One of the finest British comedies ever made, this delightful caper movie stars Alex Guinness as “Dutch” Holland – a mild-mannered and fastidious bank clerk who decides to pull off an amazing gold bullion theft and puts together the most unlikely gang imaginable to carry out his scheme.
The gang features Pendlebury (Stanley Holloway), the proprietor of the souvenir company that will transform the gold ingots into seemingly worthless Eiffel Tower tourist trinkets and Cockney scamps Lackery (Sid James) and Shorty (Alfie Bass), who provide the gentlemanly outlaws with a little professional expertise.
Inevitably the robbery, which was planned to occur while the bullion was in transit between the refinery and the vaults, goes wrong, not least because the absent-minded Pendlebury gets arrested in the middle of it for stealing a painting off a market stall.
But the chief downfall is caused by a consignment of the gold Eiffel Tower souvenirs getting mixed up with genuine souvenirs on the sales stand of the landmark itself. A batch of English schoolgirls buy them, and Holland and Pendlebury have to chase them back to England to recover them.
The last one ends up in a police exhibition, and the now intrepid criminals steal a police car to make their escape, frustrating the hunt by broadcasting false messages from it, eventually causing a three-way collision.
The chase sequence is a parody of that in one of Ealing’s own films, the police drama The Blue Lamp, released early in the preceding year.
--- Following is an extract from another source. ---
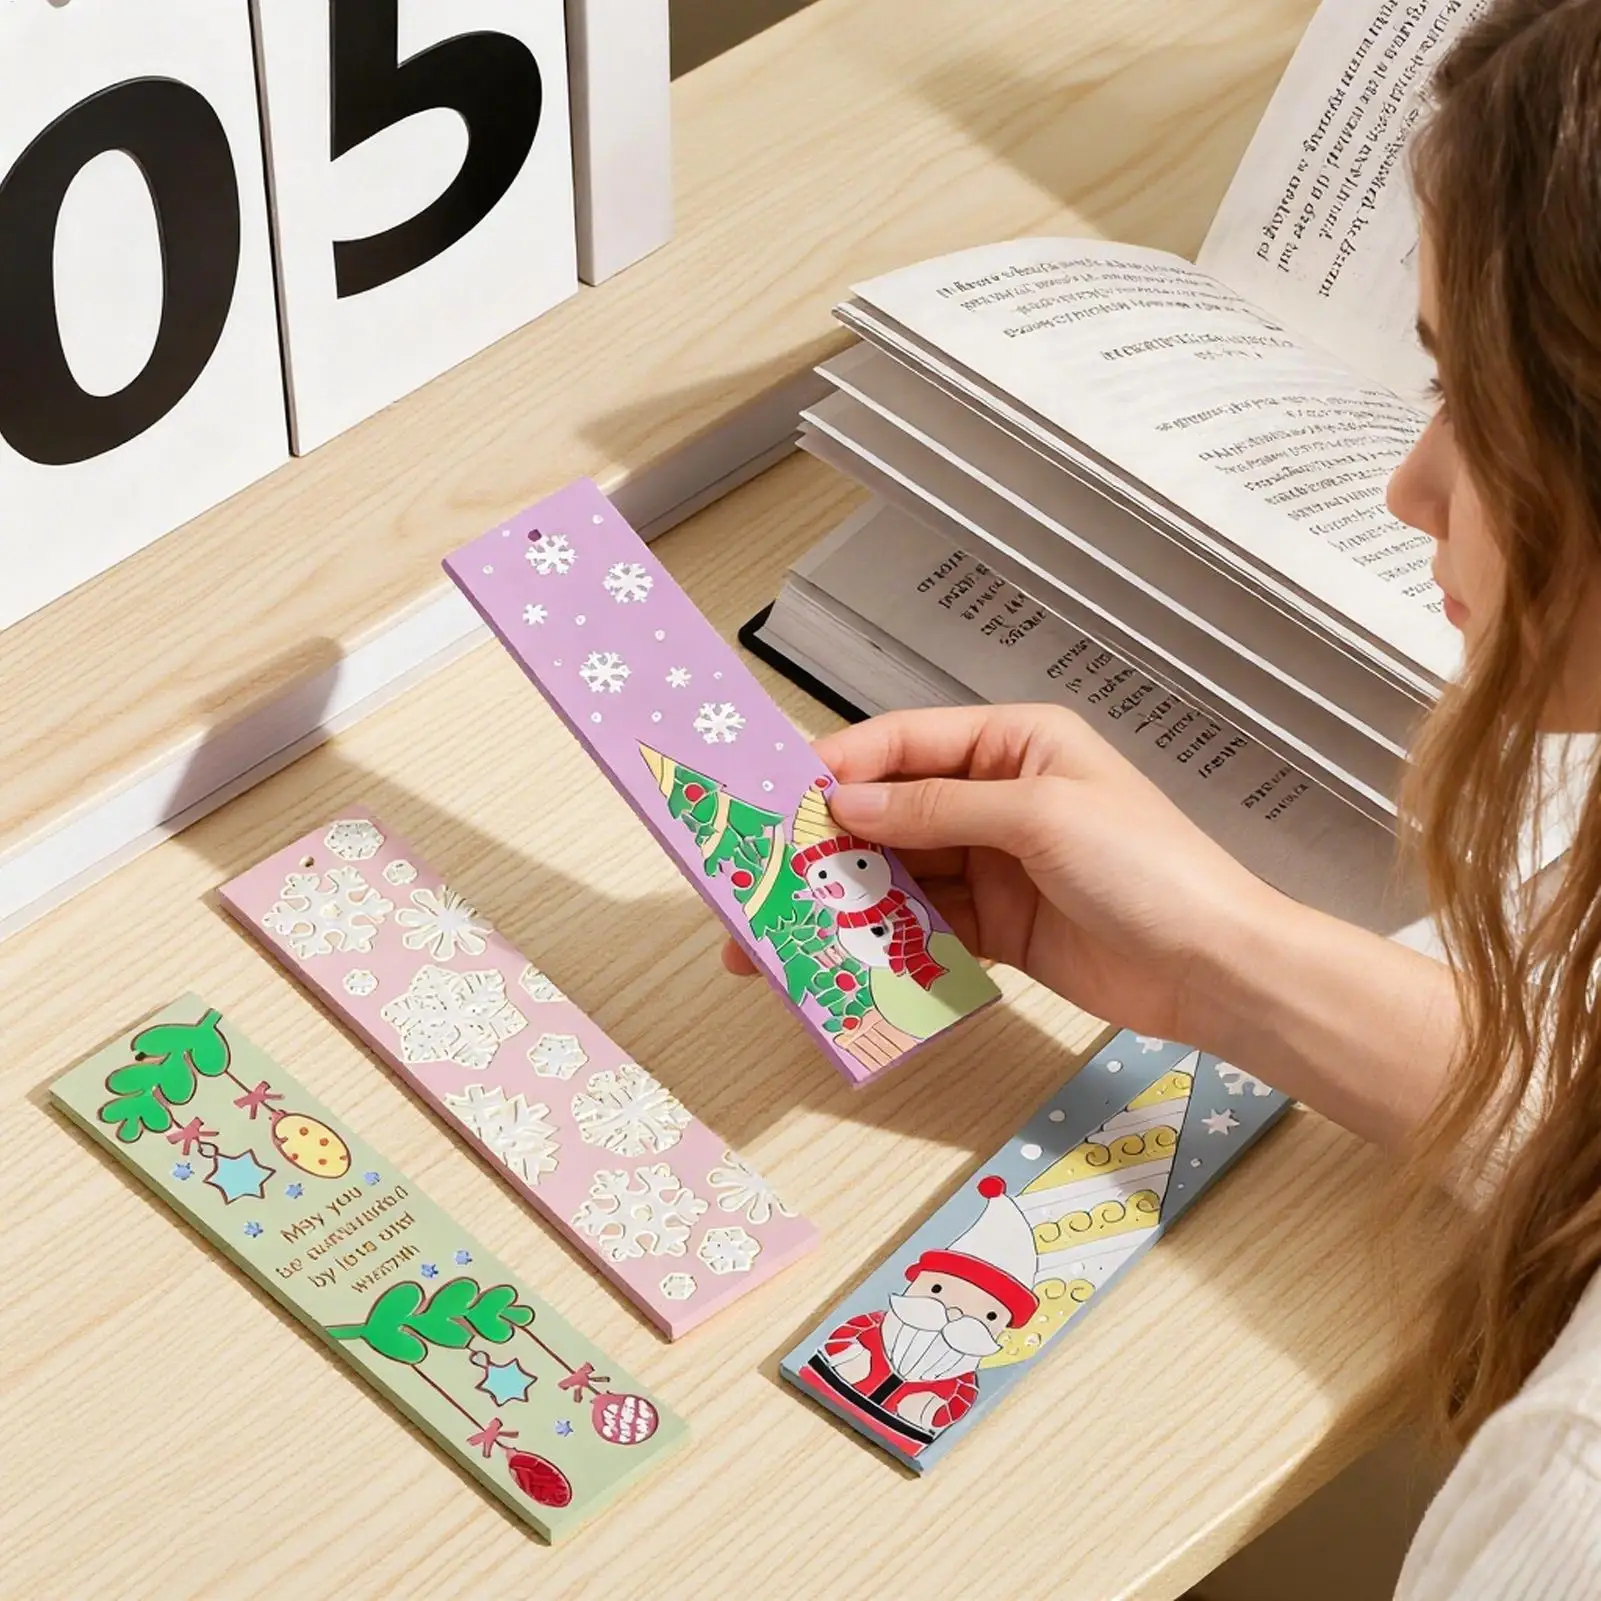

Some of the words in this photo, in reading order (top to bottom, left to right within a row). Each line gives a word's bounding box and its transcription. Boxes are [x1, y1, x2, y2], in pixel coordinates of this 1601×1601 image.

[0, 0, 543, 466] 05
[280, 1212, 325, 1244] May
[326, 1187, 363, 1216] you
[308, 1267, 337, 1288] by
Holland escapes and appears to be narrating the story in a balmy South American paradise to an interested male companion. It is only at the end of the film that we realise the other man is a Scotland Yard detective sent to bring Holland back.
The Lavender Hill Mob was one of Ealing’s most successful pictures, and scriptwriter T E B Clarke won a well-deserved Oscar.
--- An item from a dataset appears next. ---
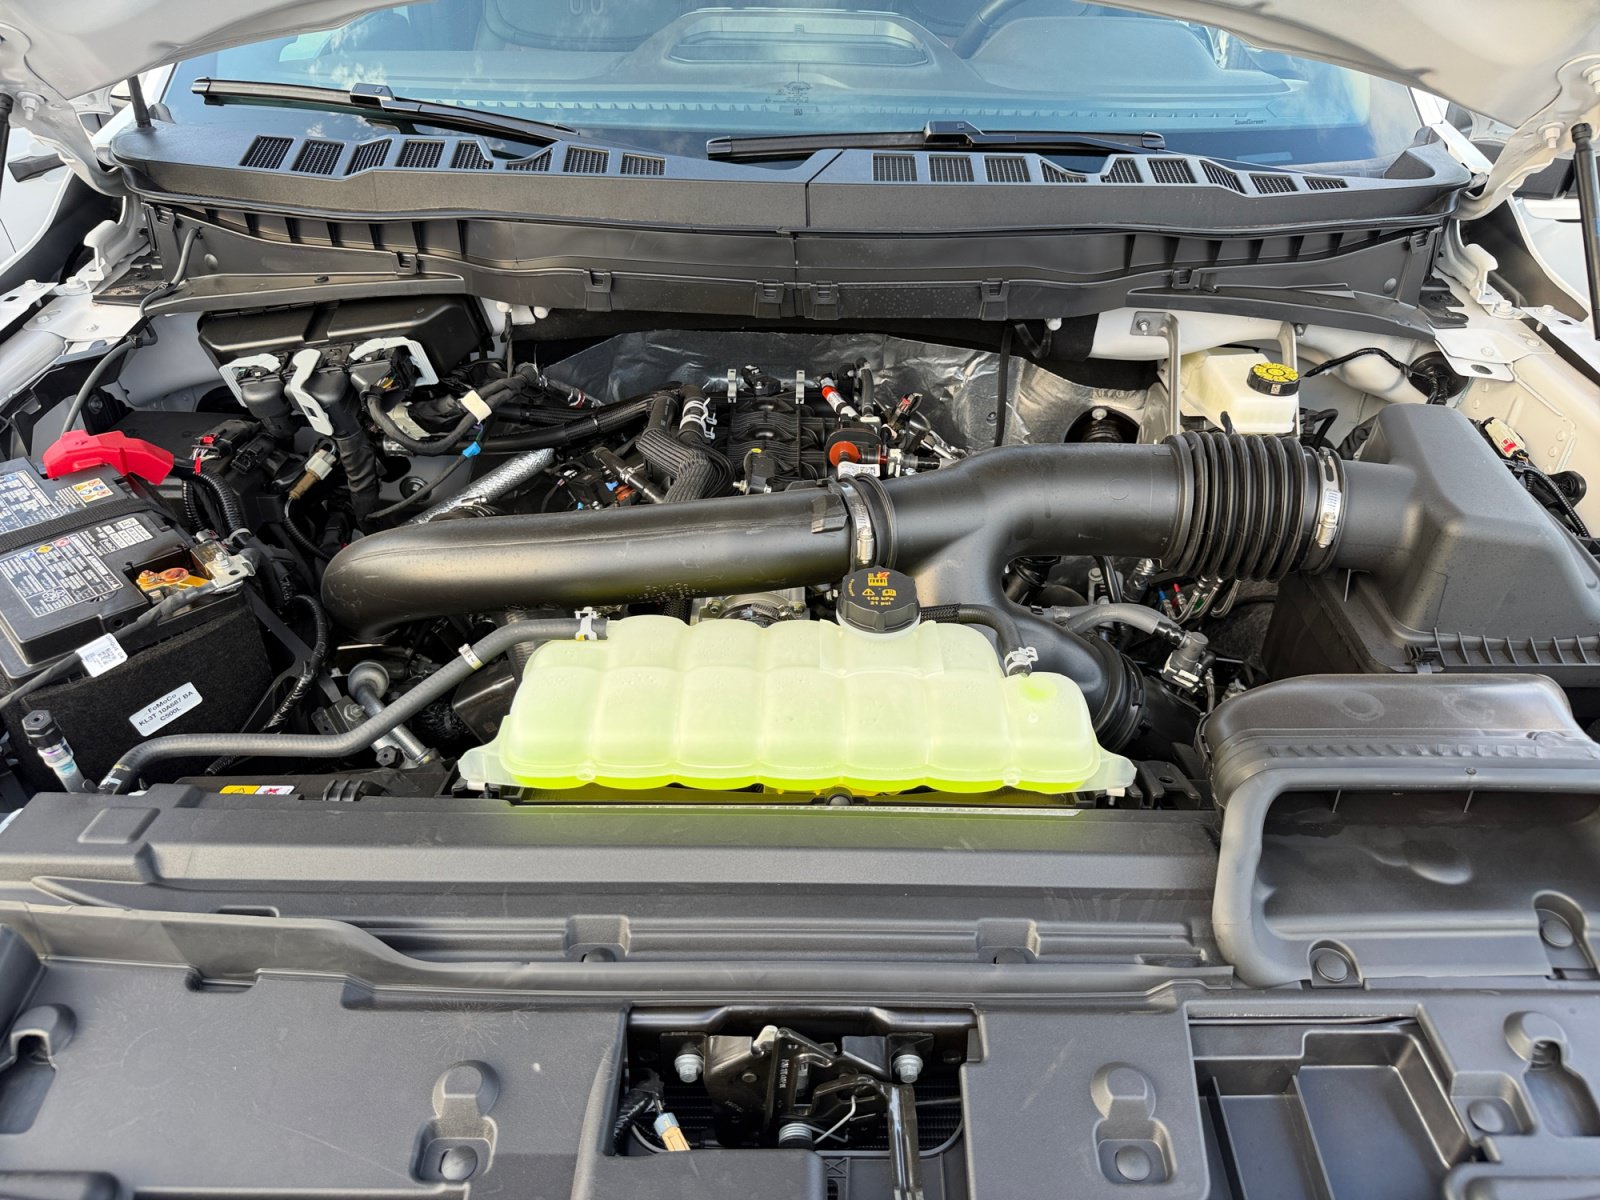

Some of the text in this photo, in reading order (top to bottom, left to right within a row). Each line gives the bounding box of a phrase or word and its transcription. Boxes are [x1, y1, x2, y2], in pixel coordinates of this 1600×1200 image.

[138, 713, 157, 727] KL3T
[182, 691, 193, 699] BA
[147, 694, 176, 713] FoMoCo
One of the curious things about The Lavender Hill Mob (the title refers to the seedy South London district between Battersea and Clapham where Holland lives in a dreary boarding house) was that its running time was a mere 78 minutes instead of the 90+ that was normal for a first feature.
The heist plan was largely devised by the Bank of England itself, to whom Clarke had turned for advice on how to steal a million pounds worth of gold, having explained that his request was on behalf of a film.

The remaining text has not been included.